На звуки этой песни со всех концов стали стекаться люди всех цветов, окружая Нэнси, Финни и последовавшую их примеру Дэни. Они повернулись лицом к престолу, на котором Плотник с большим вниманием прислушивался к их голосам. Все происходило точно так же, как на земле, но только теперь звук голосов больше не поглощали мокрые одеяла и чаши с водой. Теперь они наполняли самые дальние концы небес, пропитывая собой материю страны Эль-Иона. Песни были молекулами небес. Сидящий на престоле улыбался от удовольствия точно так же, как Он делал, когда слышал песни, спетые в чаши с водой и в одеяла, много лет назад в другом мире.

— Кларенс? Это Уинстон. Зайди в мой кабинет.

Работа с Уинстоном над двумя заметками в неделю была для Кларенса настоящим испытанием. Хотя Джейк предупреждал о том, насколько нудным может быть Уинстон, Кларенс это предупреждение недооценил. Морщинистое лицо Уинстона выглядело так, будто его слишком долго продержали в сушилке.

— Садись.

Кларенс сел.

— За свои тридцать лет в «Трибьюн» я видел массу перемен, — сказал Уинстон.

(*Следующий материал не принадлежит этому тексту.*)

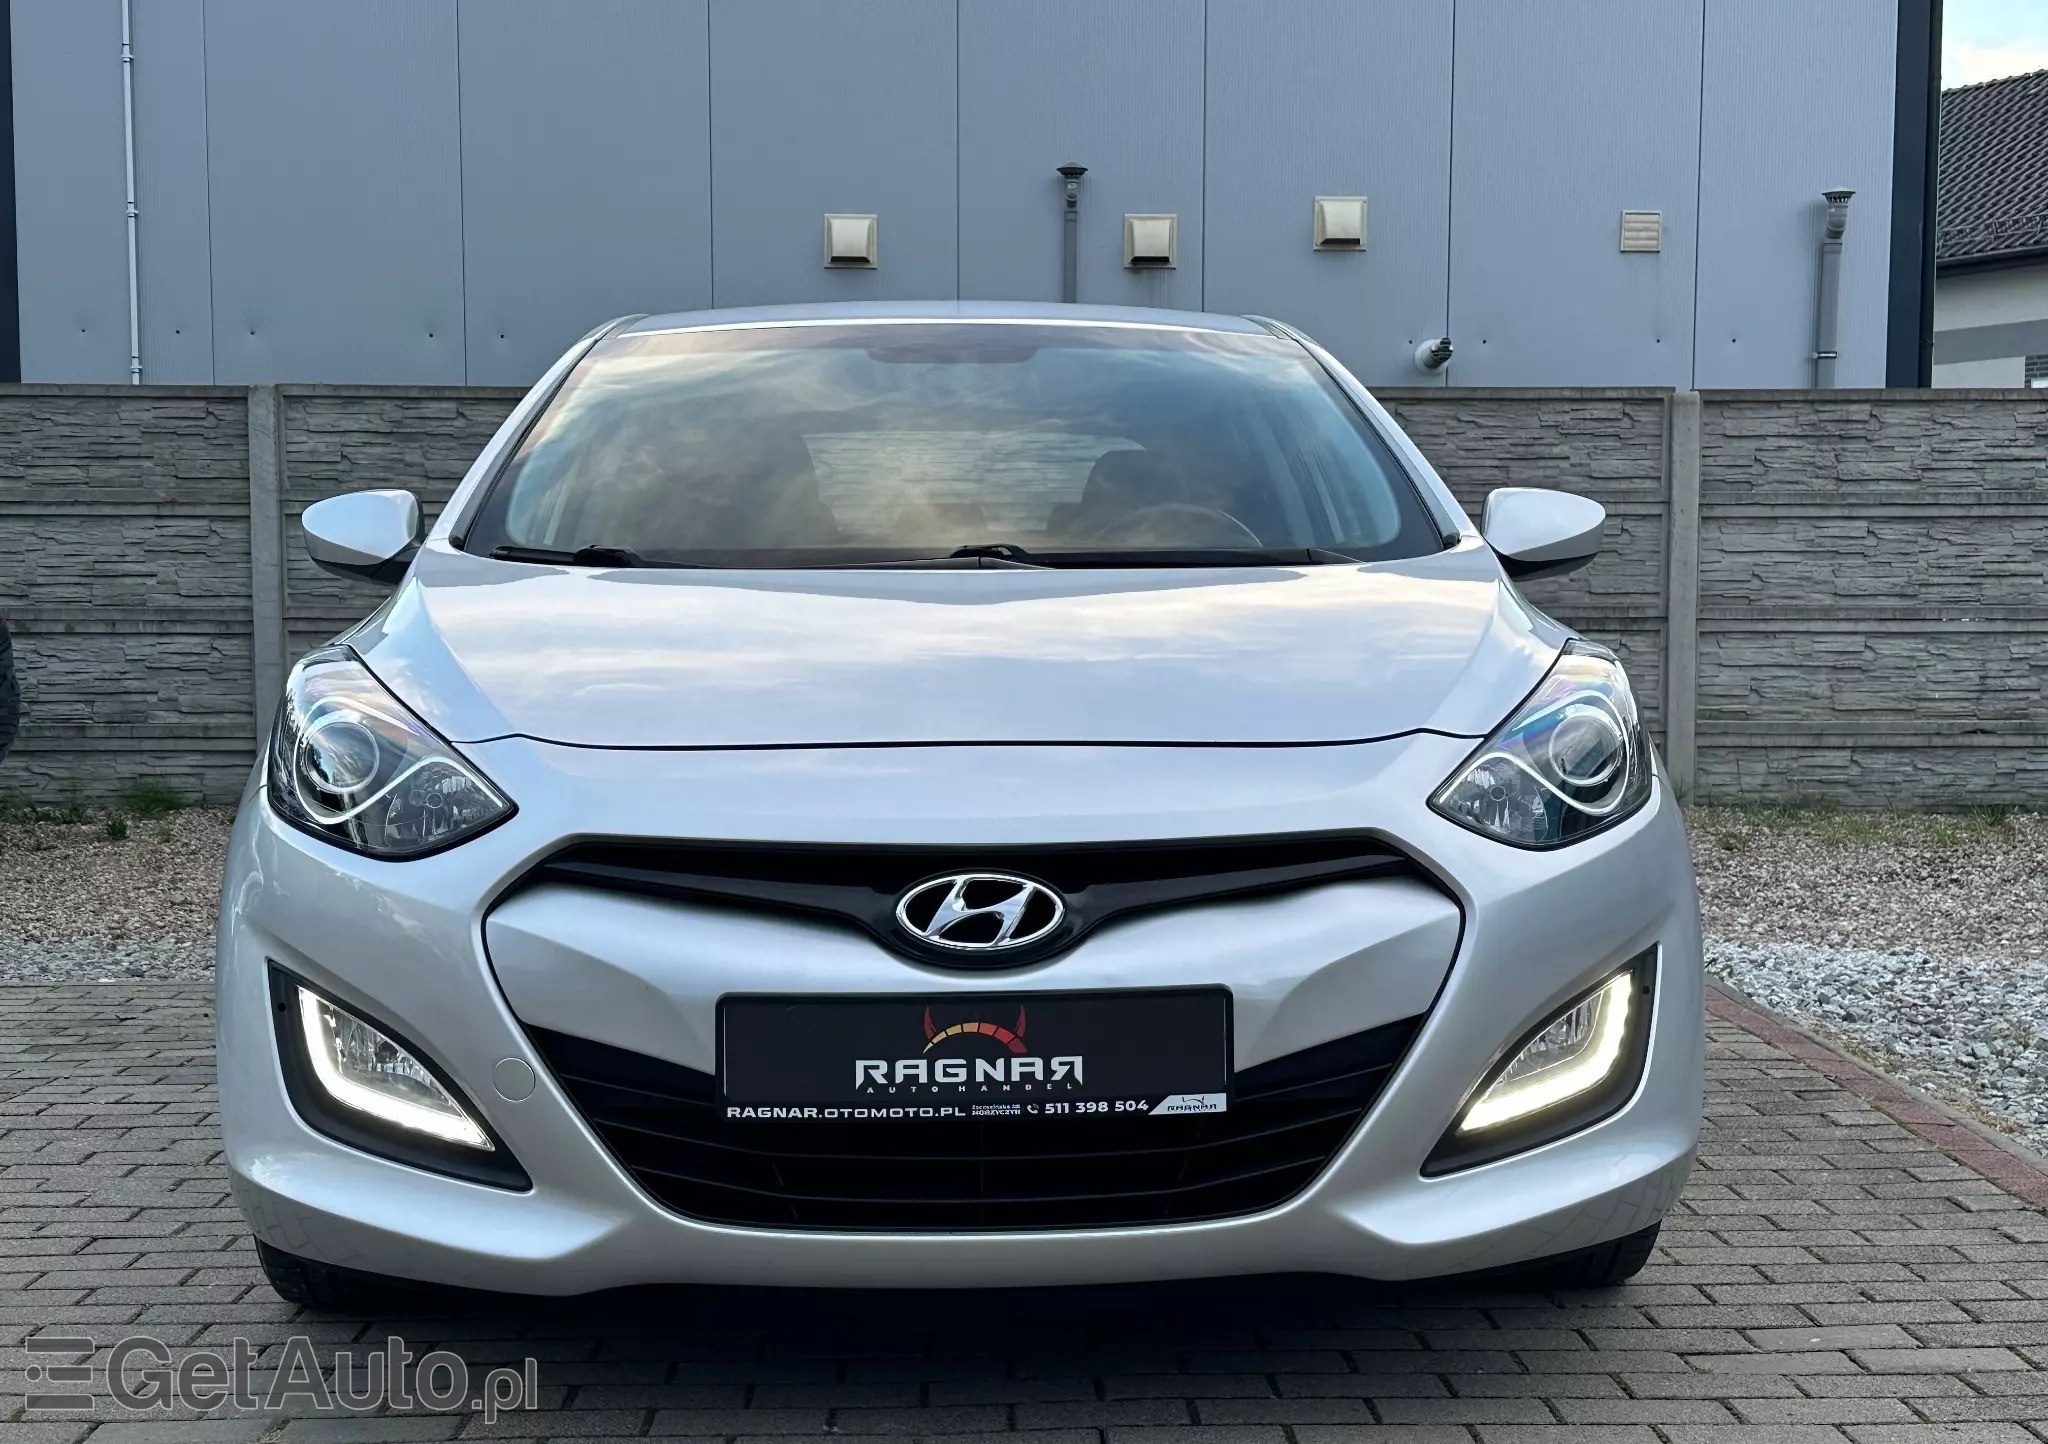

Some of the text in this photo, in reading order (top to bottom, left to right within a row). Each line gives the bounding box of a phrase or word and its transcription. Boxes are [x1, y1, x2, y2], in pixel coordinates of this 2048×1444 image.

— И бьюсь об заклад, ты был против каждой из них, — ответил Кларенс.

Уинстон поднял брови.

— На самом деле я был против большинства из них, и имел на то причины. Как бы там ни было, я все еще не понимаю, почему тебе разрешили заниматься двумя общими заметками и одной спортивной. Это выглядит противоестественно. Как можно одновременно ловить рыбу и насаживать наживку?

— Я согласен заниматься только общими заметками. Но я принимаю твое мнение или мнение Джесса, или Райлона.

— Я слышал разговоры, что они могут опять вернуть тебя на спортивные репортажи, — сказал Уинстон.

30


— Почему?

— Ты самый популярный репортер из всех, кто когда-либо у нас был.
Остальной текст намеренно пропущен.